Filtering Data
Select rows based on conditions using the filter() method.
Basic Filtering
Single Condition
typescript
import { col } from "molniya";
// Greater than
df.filter(col("age").gt(18))
// Greater than or equal
df.filter(col("score").gte(60))
// Less than
df.filter(col("price").lt(100))
// Less than or equal
df.filter(col("quantity").lte(10))
// Equal
df.filter(col("status").eq("active"))
// Not equal
df.filter(col("type").neq("deleted"))Null Checks
typescript
// Is null
df.filter(col("email").isNull())
// Is not null
df.filter(col("email").isNotNull())Combining Conditions
AND (All conditions must match)
typescript
import { and, col } from "molniya";
// Method 1: Using and()
df.filter(and(
col("age").gte(18),
col("age").lt(65),
col("active").eq(true)
))
// Method 2: Chaining filters (more efficient)
df
.filter(col("age").gte(18))
.filter(col("age").lt(65))
.filter(col("active").eq(true))Chaining vs AND
Chaining filter() calls is often more readable and can be more efficient as it allows the optimizer to process conditions incrementally.

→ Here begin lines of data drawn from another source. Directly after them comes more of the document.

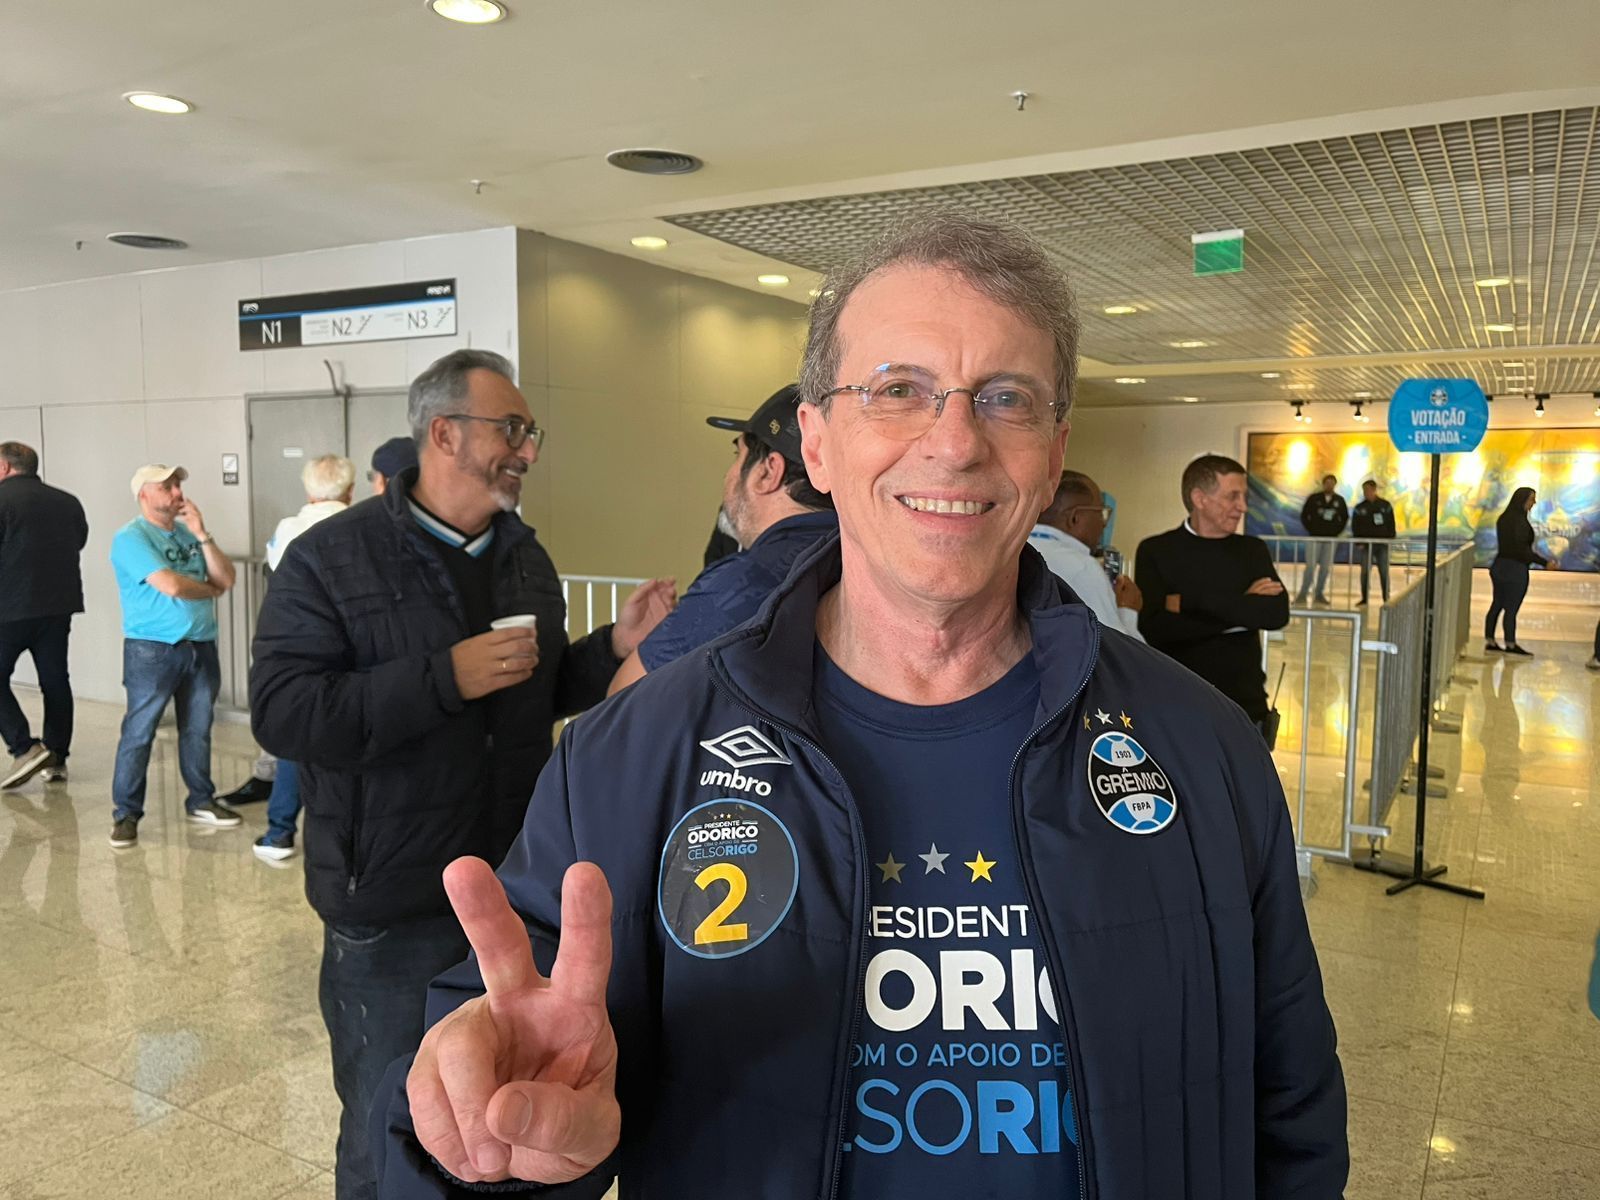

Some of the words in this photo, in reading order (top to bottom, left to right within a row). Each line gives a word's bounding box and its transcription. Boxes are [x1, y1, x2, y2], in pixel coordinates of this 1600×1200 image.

[331, 318, 353, 337] N2
[407, 310, 428, 330] N3
[261, 320, 282, 345] N1
[1411, 407, 1466, 429] VOTAÇÃO
[1414, 430, 1460, 444] ENTRADA
[700, 769, 772, 797] umbro
[1096, 767, 1167, 795] GRÊMIO
[1132, 801, 1152, 812] FBPA
[687, 825, 759, 844] ODORICO
[704, 819, 740, 829] PRESIDENTE
[694, 862, 748, 945] 2
[864, 949, 1060, 1032] ORI
[895, 1042, 918, 1067] O
[927, 1042, 1021, 1067] APOIO
[1031, 1042, 1067, 1067] DE

OR (Any condition can match)
typescript
import { or, col } from "molniya";
df.filter(or(
col("status").eq("pending"),
col("status").eq("processing")
))NOT (Negate a condition)
typescript
import { not, col } from "molniya";
// Exclude specific status
df.filter(not(col("status").eq("deleted")))
// Equivalent to:
df.filter(col("status").neq("deleted"))Complex Combinations
typescript
import { and, or, col } from "molniya";
// (age >= 18 AND age < 65) OR (type === 'senior' AND age >= 65)
df.filter(or(
and(
col("age").gte(18),
col("age").lt(65)
),
and(
col("type").eq("senior"),
col("age").gte(65)
)
))Range Filtering
Between (Inclusive)
typescript
// Value between low and high (inclusive)

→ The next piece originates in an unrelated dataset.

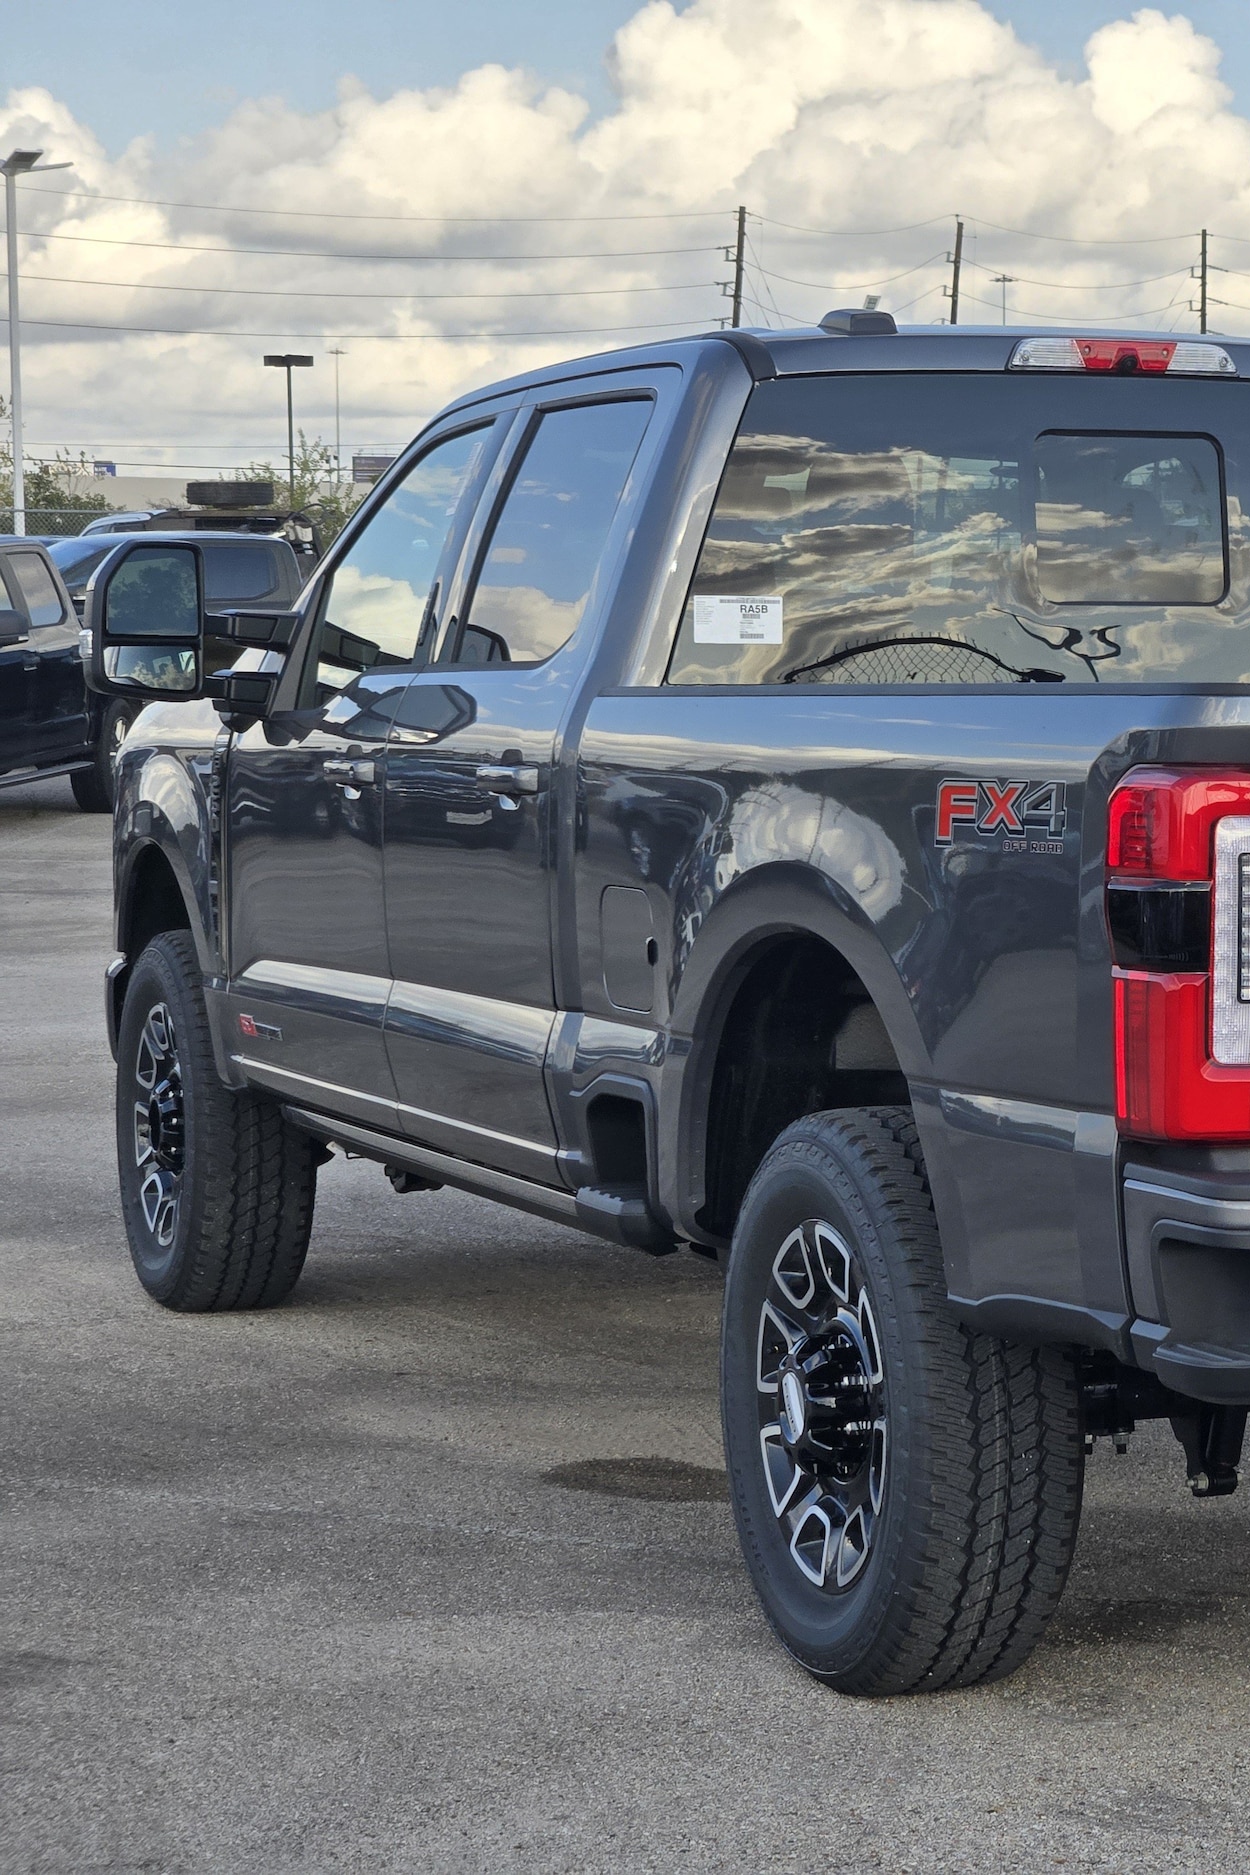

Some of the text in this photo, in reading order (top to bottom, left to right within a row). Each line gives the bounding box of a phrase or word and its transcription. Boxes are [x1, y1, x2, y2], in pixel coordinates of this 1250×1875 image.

[740, 604, 768, 614] RA5B
[934, 778, 1067, 848] FX4
[1003, 840, 1064, 854] OFF ROAD

df.filter(col("age").between(18, 65))
// Equivalent to:
df.filter(and(
col("age").gte(18),
col("age").lte(65)
))String Filtering
Contains
typescript
// String contains substring
df.filter(col("email").contains("@company.com"))Starts With / Ends With
typescript
// Starts with prefix
df.filter(col("name").startsWith("John"))
// Ends with suffix
df.filter(col("email").endsWith("@gmail.com"))String Performance
String operations are case-sensitive and work on dictionary-encoded strings. For large datasets, consider normalizing case before filtering.
Practical Examples
Filter by Date Range
typescript
// Assuming timestamps as milliseconds
df.filter(and(
col("created_at").gte(1704067200000), // Jan 1, 2024
col("created_at").lt(1735689600000) // Jan 1, 2025
))Filter by Multiple Categories
typescript
const allowedCategories = ["electronics", "books", "clothing"];
// Build OR condition dynamically
const condition = allowedCategories
.map(cat => col("category").eq(cat))
.reduce((acc, curr) => or(acc, curr));
df.filter(condition)Filter with Calculated Values
typescript
import { col, lit } from "molniya";
// Filter where price * quantity > 1000
df
.withColumn("total", col("price").mul(col("quantity")))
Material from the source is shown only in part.